What to work on
Copy nothing but the text: reproduce each line of the listing exactly and leave the pictures out.

Stored data

──────

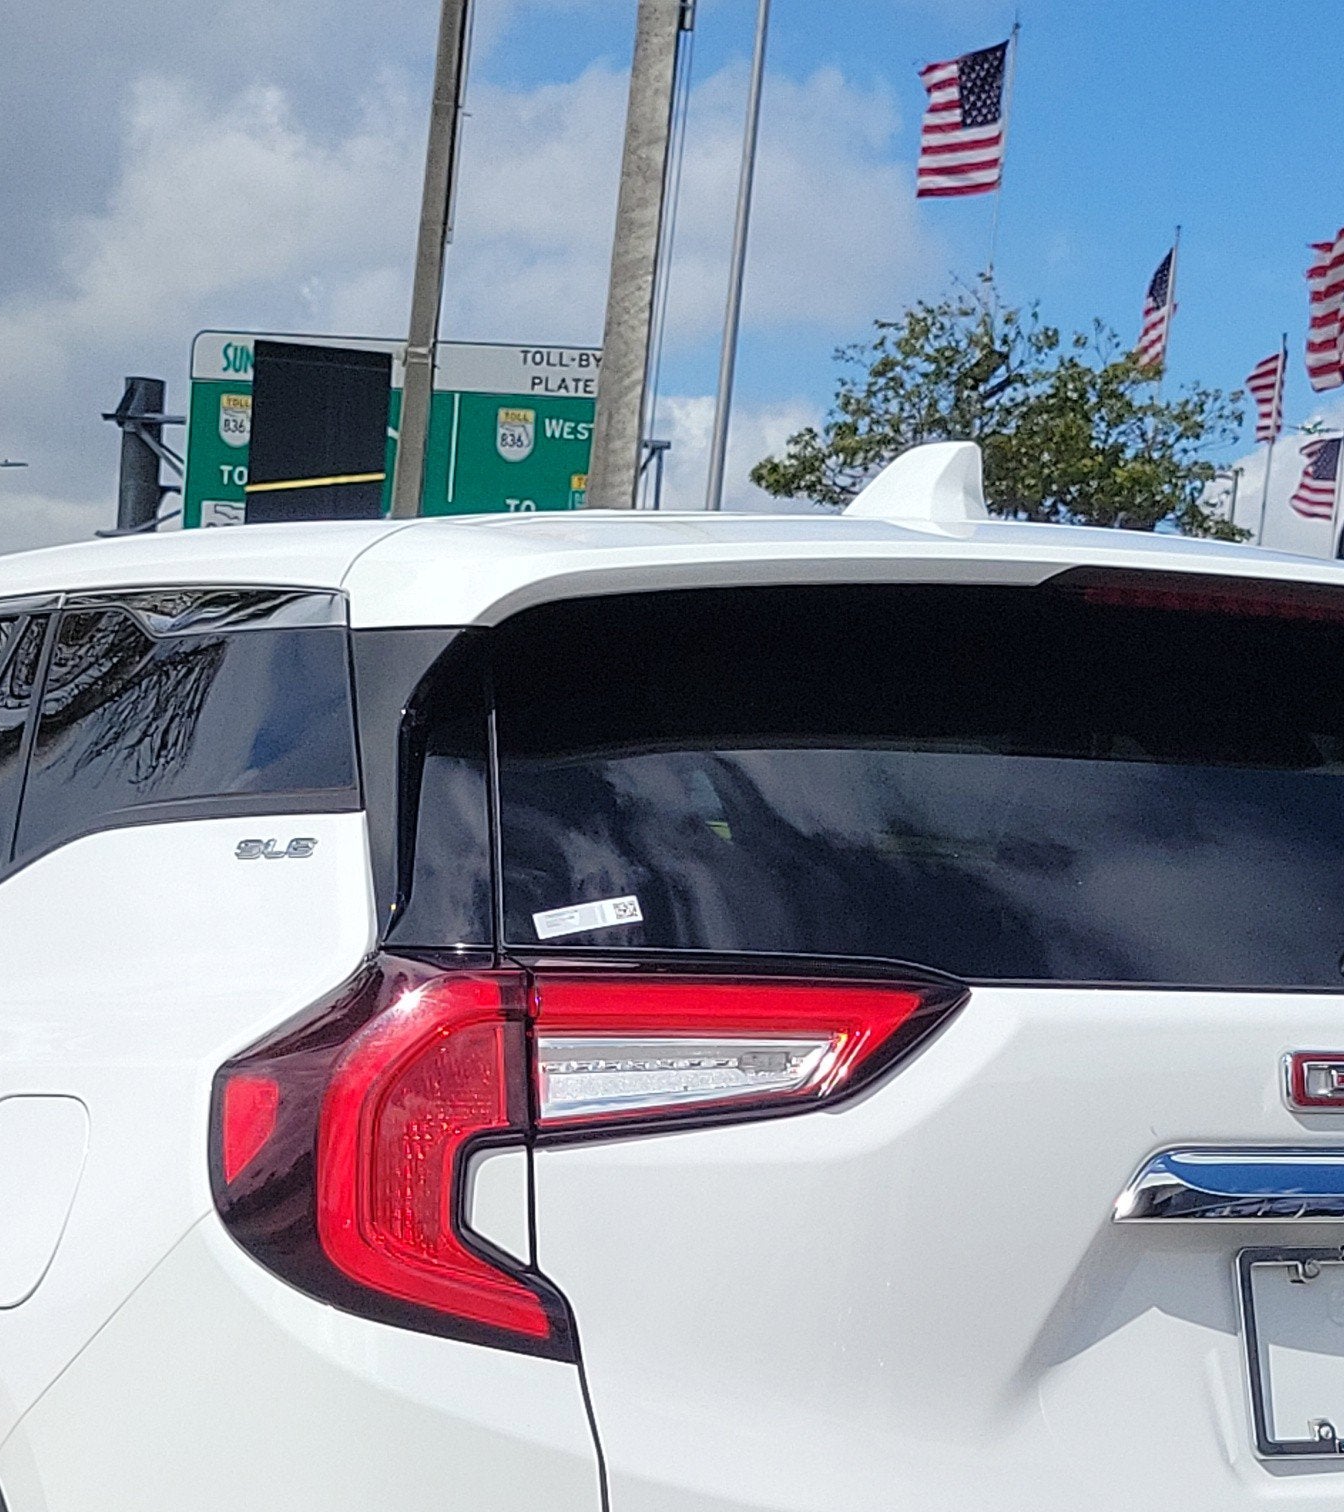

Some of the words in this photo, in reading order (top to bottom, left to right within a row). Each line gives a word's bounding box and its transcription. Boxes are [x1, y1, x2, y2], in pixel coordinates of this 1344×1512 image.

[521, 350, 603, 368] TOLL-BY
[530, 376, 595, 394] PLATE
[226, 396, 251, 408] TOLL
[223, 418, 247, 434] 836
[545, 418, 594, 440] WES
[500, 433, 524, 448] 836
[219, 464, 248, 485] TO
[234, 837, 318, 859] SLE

──────

Solution
Some of the words in this photo, in reading order (top to bottom, left to right within a row). Each line gives a word's bounding box and its transcription. Boxes are [x1, y1, x2, y2], in pixel coordinates of this 1344×1512 image.

[521, 350, 603, 368] TOLL-BY
[530, 376, 595, 394] PLATE
[226, 396, 251, 408] TOLL
[223, 418, 247, 434] 836
[545, 418, 594, 440] WES
[500, 433, 524, 448] 836
[219, 464, 248, 485] TO
[234, 837, 318, 859] SLE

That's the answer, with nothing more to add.